The Great Spine of Africa series of expeditions, led and founded by explorer Steve Boyes and supported by the Rolex Perpetual Planet Initiative, have proven that the source of the Zambezi River lies in the Angolan Highlands. Over the years, Boyes and his team have travelled more than 30,000 kilometres across river systems, many of which had never been scientifically documented before.

Following years of intensive research measuring the heartbeat of these waters, South African conservationist Boyes journeyed to the 2025 Ramsar Convention in Zimbabwe. There, he presented his findings on the Lisima Lya Mwono landscape in the Angolan Highlands water tower, aiming to have the area recognized as a wetland of international importance. With 172 national governments participating, the Ramsar Convention is a crucial global platform for the protection of wetlands. Achieving Ramsar Site recognition would ensure protection under national and international conservation frameworks, emphasizing sustainable use and land management.

Next to the roaring white waters of the mighty Victoria Falls, Boyes distilled a decade of work into a 15-minute address to global changemakers. His team’s world-first research confirms that the true source of the Zambezi is in Angola. This pioneering assessment, combining expedition data with high-resolution satellite imagery, was published in a peer-reviewed scientific journal in September.

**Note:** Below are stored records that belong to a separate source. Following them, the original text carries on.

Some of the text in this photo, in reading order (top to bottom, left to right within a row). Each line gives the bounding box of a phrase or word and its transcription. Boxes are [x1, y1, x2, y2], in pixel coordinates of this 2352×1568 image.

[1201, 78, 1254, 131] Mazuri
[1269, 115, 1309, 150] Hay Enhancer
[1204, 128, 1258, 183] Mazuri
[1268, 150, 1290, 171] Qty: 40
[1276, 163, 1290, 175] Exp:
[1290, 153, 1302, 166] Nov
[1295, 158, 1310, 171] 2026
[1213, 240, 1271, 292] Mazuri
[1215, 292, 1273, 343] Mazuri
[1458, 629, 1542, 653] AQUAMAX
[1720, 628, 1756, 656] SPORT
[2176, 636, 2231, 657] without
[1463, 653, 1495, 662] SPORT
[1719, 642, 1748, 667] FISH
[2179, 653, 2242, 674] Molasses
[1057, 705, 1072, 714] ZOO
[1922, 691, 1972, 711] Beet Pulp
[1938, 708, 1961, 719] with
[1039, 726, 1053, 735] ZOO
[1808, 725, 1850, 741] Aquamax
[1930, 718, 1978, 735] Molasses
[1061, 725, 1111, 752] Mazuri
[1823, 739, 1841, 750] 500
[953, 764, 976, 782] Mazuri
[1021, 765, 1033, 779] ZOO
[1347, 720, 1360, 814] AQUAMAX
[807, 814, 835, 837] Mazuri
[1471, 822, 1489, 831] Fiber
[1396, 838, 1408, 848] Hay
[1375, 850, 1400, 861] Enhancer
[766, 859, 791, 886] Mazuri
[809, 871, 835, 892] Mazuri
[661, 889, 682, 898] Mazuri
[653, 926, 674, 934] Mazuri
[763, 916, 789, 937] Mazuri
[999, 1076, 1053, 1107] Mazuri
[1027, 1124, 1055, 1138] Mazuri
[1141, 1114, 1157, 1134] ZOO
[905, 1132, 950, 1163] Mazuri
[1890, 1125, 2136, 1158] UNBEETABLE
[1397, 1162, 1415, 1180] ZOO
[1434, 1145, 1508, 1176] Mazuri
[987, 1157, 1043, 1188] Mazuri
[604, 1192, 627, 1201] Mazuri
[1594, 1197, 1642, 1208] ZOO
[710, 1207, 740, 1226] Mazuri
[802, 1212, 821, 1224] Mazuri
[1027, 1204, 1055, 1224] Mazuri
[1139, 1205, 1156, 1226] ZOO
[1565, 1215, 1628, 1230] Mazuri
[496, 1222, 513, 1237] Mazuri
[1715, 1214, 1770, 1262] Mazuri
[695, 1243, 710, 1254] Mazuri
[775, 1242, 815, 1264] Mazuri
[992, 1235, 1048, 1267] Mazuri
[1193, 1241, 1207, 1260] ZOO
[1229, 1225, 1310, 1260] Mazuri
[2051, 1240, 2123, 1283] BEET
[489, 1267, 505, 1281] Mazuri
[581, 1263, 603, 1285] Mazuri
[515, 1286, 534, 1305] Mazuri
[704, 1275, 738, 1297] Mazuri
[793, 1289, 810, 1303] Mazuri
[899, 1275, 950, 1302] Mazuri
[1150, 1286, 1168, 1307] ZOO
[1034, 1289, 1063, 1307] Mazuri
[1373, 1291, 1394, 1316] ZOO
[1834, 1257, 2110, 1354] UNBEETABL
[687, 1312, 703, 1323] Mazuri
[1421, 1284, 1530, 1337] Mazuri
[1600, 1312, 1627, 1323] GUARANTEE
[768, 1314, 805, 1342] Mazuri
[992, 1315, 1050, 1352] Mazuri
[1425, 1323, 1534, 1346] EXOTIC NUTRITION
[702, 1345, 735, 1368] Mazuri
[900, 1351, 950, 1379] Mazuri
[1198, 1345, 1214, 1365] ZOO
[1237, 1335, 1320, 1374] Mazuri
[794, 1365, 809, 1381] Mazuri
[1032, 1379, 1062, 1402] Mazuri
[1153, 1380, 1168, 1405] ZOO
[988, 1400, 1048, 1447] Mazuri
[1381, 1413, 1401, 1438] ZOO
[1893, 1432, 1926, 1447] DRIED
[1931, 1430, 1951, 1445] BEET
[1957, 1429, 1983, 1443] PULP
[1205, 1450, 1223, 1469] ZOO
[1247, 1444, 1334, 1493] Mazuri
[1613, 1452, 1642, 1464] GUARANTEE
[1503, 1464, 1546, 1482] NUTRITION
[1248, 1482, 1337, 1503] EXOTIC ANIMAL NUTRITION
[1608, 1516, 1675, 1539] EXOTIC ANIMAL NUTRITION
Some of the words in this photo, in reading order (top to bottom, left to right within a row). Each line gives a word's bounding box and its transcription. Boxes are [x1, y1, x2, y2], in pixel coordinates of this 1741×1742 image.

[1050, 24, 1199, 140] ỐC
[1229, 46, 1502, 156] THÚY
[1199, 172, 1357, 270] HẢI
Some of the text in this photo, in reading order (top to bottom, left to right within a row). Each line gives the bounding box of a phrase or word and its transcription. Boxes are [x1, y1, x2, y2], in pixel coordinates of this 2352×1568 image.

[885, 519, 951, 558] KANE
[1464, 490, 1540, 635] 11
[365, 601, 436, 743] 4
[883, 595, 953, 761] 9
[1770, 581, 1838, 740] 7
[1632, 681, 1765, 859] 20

With strong support from influential collaborators – including Musonda Mumba, Secretary General of the Ramsar Convention, and Nyambe Nyambe, Executive Director of the Kavango Zambezi Transfrontier Conservation Area (KAZA TFCA) – the team is optimistic that Lisima Lya Mwono could be officially designated a Ramsar Site within months. Prior to the convention, Boyes bolstered his case with invaluable local knowledge provided by kings and chiefs from communities along the Zambezi, who gathered for the first time in 60 years to review the findings. Their endorsement has been crucial to the project.

“This meant a huge amount to me. Rivers unite people across borders. These are river guardians. They’re proud of the water. It’s an agreement across five countries for us to work very closely with them on monitoring the ecosystems.”
– Steve Boyes

Boyes has spent 25 years studying wetlands, including extensive work in Botswana’s Okavango Delta. But in the eastern highlands of Angola, he found something entirely new.

“The lisima lya mwono (source of life) landscape is a system of source lakes and previously undocumented peatlands – the second-largest peatland discovery in tropical Africa. I found it astonishing that this was not globally recognized.”
– Steve Boyes

Driven by the mission to better understand and protect these precious waterways, and building on his success as leader of the National Geographic Okavango Wilderness Team, Boyes launched the Great Spine of Africa expeditions in 2022 under his new organization, The Wilderness Project. Supported by the Rolex Perpetual Planet Initiative, the goal is to establish the first scientific baselines of Africa’s major water towers and investigate their role as the sources of the Zambezi, Congo, Niger and Nile – rivers on which two-thirds of Africa’s economy depends.

The first Great Spine of Africa mission, the Lungwevungu Expedition, explored the remote Angolan Highlands, where local communities had long believed a tributary may be the Zambezi’s true source. Together with Kerllen Costa, National Geographic Okavango Wilderness Project Angola Country Director, Boyes travelled down the Lungwevungu River in dugout canoes, gathering scientific evidence to verify this traditional knowledge.

Now, as the team works to protect 1.2 million square kilometres of African watersheds, plateaus and river systems by 2035, their expeditions are expanding into other major waterways, including the Congo and Nile basins. The project has completed 20 expeditions this year alone, with plans to reach 25 next year through Rolex’s continued support.

“Only 14 percent of Africa is protected right now. Whenever I go to the source of a river, there are people living traditionally, protecting it already. They just need to be recognized as such.”
– Steve Boyes

Boyes spends nine months of the year in the field, paddling for up to eight hours a day. His challenges range from capsizing by hippos and elephant charges to spending six days in hospital with malaria.

Covering 15 million hectares, the area identified by Boyes and his team as the Zambezi River’s water source will become the third-largest Ramsar Site in Africa and the fifth-largest in the world. Their work highlights the critical importance of preserving the Angolan Highlands – not only for the Zambezi ecosystem and the 20 million people who depend on it, but also for other major African rivers, including the Congo and the Okavango, which collectively support hundreds of millions of lives.